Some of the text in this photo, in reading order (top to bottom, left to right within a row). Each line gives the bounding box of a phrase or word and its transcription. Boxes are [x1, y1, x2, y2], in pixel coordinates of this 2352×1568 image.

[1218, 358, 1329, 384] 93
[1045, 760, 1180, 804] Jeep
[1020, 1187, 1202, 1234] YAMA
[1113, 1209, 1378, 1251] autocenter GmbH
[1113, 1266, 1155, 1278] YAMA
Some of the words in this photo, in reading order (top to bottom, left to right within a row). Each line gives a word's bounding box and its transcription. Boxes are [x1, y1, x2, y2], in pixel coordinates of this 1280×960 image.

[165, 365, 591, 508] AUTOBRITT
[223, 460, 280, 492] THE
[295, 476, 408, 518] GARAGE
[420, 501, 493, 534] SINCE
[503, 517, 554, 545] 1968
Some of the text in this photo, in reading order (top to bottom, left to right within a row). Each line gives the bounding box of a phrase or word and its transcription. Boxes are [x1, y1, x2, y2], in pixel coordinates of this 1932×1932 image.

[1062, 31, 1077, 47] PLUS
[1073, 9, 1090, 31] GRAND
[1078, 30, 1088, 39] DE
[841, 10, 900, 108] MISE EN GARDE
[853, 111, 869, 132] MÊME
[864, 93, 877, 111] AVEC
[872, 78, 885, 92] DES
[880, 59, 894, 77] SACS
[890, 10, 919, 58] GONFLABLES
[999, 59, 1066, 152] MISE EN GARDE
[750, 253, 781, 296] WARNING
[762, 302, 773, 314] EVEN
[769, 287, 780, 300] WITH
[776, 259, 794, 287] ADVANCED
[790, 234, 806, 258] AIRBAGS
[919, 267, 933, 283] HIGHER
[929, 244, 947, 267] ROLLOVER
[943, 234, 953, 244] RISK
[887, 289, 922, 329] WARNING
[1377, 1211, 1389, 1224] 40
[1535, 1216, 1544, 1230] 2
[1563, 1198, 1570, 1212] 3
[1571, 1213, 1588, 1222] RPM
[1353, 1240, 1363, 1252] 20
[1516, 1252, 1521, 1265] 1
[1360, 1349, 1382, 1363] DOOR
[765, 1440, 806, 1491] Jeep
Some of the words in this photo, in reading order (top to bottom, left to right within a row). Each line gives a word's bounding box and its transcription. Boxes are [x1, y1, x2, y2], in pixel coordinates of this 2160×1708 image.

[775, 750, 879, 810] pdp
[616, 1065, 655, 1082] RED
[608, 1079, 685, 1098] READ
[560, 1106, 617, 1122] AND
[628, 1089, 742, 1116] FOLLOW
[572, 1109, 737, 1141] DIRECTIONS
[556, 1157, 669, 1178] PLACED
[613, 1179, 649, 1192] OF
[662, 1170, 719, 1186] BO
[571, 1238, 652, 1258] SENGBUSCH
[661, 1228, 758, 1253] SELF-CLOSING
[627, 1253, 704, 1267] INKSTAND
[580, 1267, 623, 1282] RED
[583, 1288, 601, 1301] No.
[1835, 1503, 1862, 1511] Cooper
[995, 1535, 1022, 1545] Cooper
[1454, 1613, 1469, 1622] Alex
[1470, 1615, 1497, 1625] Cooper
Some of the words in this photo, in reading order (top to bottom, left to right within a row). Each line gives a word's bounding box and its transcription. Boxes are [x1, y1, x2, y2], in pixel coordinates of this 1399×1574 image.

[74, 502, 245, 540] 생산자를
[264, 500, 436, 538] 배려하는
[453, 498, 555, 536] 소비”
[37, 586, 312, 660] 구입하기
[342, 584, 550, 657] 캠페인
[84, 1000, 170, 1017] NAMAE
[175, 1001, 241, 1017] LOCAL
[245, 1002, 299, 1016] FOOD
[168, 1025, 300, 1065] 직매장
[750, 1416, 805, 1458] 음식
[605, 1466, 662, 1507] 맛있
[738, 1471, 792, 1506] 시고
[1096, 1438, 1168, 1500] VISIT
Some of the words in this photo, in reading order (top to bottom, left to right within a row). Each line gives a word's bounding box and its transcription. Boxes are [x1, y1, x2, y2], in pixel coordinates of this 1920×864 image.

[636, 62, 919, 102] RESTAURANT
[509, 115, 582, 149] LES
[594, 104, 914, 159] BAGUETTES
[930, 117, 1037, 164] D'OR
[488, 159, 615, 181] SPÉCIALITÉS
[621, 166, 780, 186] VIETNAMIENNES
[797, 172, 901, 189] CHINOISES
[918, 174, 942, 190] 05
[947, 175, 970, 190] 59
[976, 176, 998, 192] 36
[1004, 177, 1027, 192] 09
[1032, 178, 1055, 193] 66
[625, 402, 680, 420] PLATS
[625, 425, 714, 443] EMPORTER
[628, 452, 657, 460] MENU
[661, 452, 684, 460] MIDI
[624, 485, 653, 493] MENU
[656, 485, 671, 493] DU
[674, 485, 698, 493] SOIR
○ ○ ○ ○
WORK ORDER — Retype the material above in full, keeping every word as it stands.

OUTPUT BELOW —
Some of the text in this photo, in reading order (top to bottom, left to right within a row). Each line gives the bounding box of a phrase or word and its transcription. Boxes are [x1, y1, x2, y2], in pixel coordinates of this 2352×1568 image.

[1218, 358, 1329, 384] 93
[1045, 760, 1180, 804] Jeep
[1020, 1187, 1202, 1234] YAMA
[1113, 1209, 1378, 1251] autocenter GmbH
[1113, 1266, 1155, 1278] YAMA
Some of the words in this photo, in reading order (top to bottom, left to right within a row). Each line gives a word's bounding box and its transcription. Boxes are [x1, y1, x2, y2], in pixel coordinates of this 1280×960 image.

[165, 365, 591, 508] AUTOBRITT
[223, 460, 280, 492] THE
[295, 476, 408, 518] GARAGE
[420, 501, 493, 534] SINCE
[503, 517, 554, 545] 1968
Some of the text in this photo, in reading order (top to bottom, left to right within a row). Each line gives the bounding box of a phrase or word and its transcription. Boxes are [x1, y1, x2, y2], in pixel coordinates of this 1932×1932 image.

[1062, 31, 1077, 47] PLUS
[1073, 9, 1090, 31] GRAND
[1078, 30, 1088, 39] DE
[841, 10, 900, 108] MISE EN GARDE
[853, 111, 869, 132] MÊME
[864, 93, 877, 111] AVEC
[872, 78, 885, 92] DES
[880, 59, 894, 77] SACS
[890, 10, 919, 58] GONFLABLES
[999, 59, 1066, 152] MISE EN GARDE
[750, 253, 781, 296] WARNING
[762, 302, 773, 314] EVEN
[769, 287, 780, 300] WITH
[776, 259, 794, 287] ADVANCED
[790, 234, 806, 258] AIRBAGS
[919, 267, 933, 283] HIGHER
[929, 244, 947, 267] ROLLOVER
[943, 234, 953, 244] RISK
[887, 289, 922, 329] WARNING
[1377, 1211, 1389, 1224] 40
[1535, 1216, 1544, 1230] 2
[1563, 1198, 1570, 1212] 3
[1571, 1213, 1588, 1222] RPM
[1353, 1240, 1363, 1252] 20
[1516, 1252, 1521, 1265] 1
[1360, 1349, 1382, 1363] DOOR
[765, 1440, 806, 1491] Jeep
Some of the words in this photo, in reading order (top to bottom, left to right within a row). Each line gives a word's bounding box and its transcription. Boxes are [x1, y1, x2, y2], in pixel coordinates of this 2160×1708 image.

[775, 750, 879, 810] pdp
[616, 1065, 655, 1082] RED
[608, 1079, 685, 1098] READ
[560, 1106, 617, 1122] AND
[628, 1089, 742, 1116] FOLLOW
[572, 1109, 737, 1141] DIRECTIONS
[556, 1157, 669, 1178] PLACED
[613, 1179, 649, 1192] OF
[662, 1170, 719, 1186] BO
[571, 1238, 652, 1258] SENGBUSCH
[661, 1228, 758, 1253] SELF-CLOSING
[627, 1253, 704, 1267] INKSTAND
[580, 1267, 623, 1282] RED
[583, 1288, 601, 1301] No.
[1835, 1503, 1862, 1511] Cooper
[995, 1535, 1022, 1545] Cooper
[1454, 1613, 1469, 1622] Alex
[1470, 1615, 1497, 1625] Cooper
Some of the words in this photo, in reading order (top to bottom, left to right within a row). Each line gives a word's bounding box and its transcription. Boxes are [x1, y1, x2, y2], in pixel coordinates of this 1399×1574 image.

[74, 502, 245, 540] 생산자를
[264, 500, 436, 538] 배려하는
[453, 498, 555, 536] 소비”
[37, 586, 312, 660] 구입하기
[342, 584, 550, 657] 캠페인
[84, 1000, 170, 1017] NAMAE
[175, 1001, 241, 1017] LOCAL
[245, 1002, 299, 1016] FOOD
[168, 1025, 300, 1065] 직매장
[750, 1416, 805, 1458] 음식
[605, 1466, 662, 1507] 맛있
[738, 1471, 792, 1506] 시고
[1096, 1438, 1168, 1500] VISIT
Some of the words in this photo, in reading order (top to bottom, left to right within a row). Each line gives a word's bounding box and its transcription. Boxes are [x1, y1, x2, y2], in pixel coordinates of this 1920×864 image.

[636, 62, 919, 102] RESTAURANT
[509, 115, 582, 149] LES
[594, 104, 914, 159] BAGUETTES
[930, 117, 1037, 164] D'OR
[488, 159, 615, 181] SPÉCIALITÉS
[621, 166, 780, 186] VIETNAMIENNES
[797, 172, 901, 189] CHINOISES
[918, 174, 942, 190] 05
[947, 175, 970, 190] 59
[976, 176, 998, 192] 36
[1004, 177, 1027, 192] 09
[1032, 178, 1055, 193] 66
[625, 402, 680, 420] PLATS
[625, 425, 714, 443] EMPORTER
[628, 452, 657, 460] MENU
[661, 452, 684, 460] MIDI
[624, 485, 653, 493] MENU
[656, 485, 671, 493] DU
[674, 485, 698, 493] SOIR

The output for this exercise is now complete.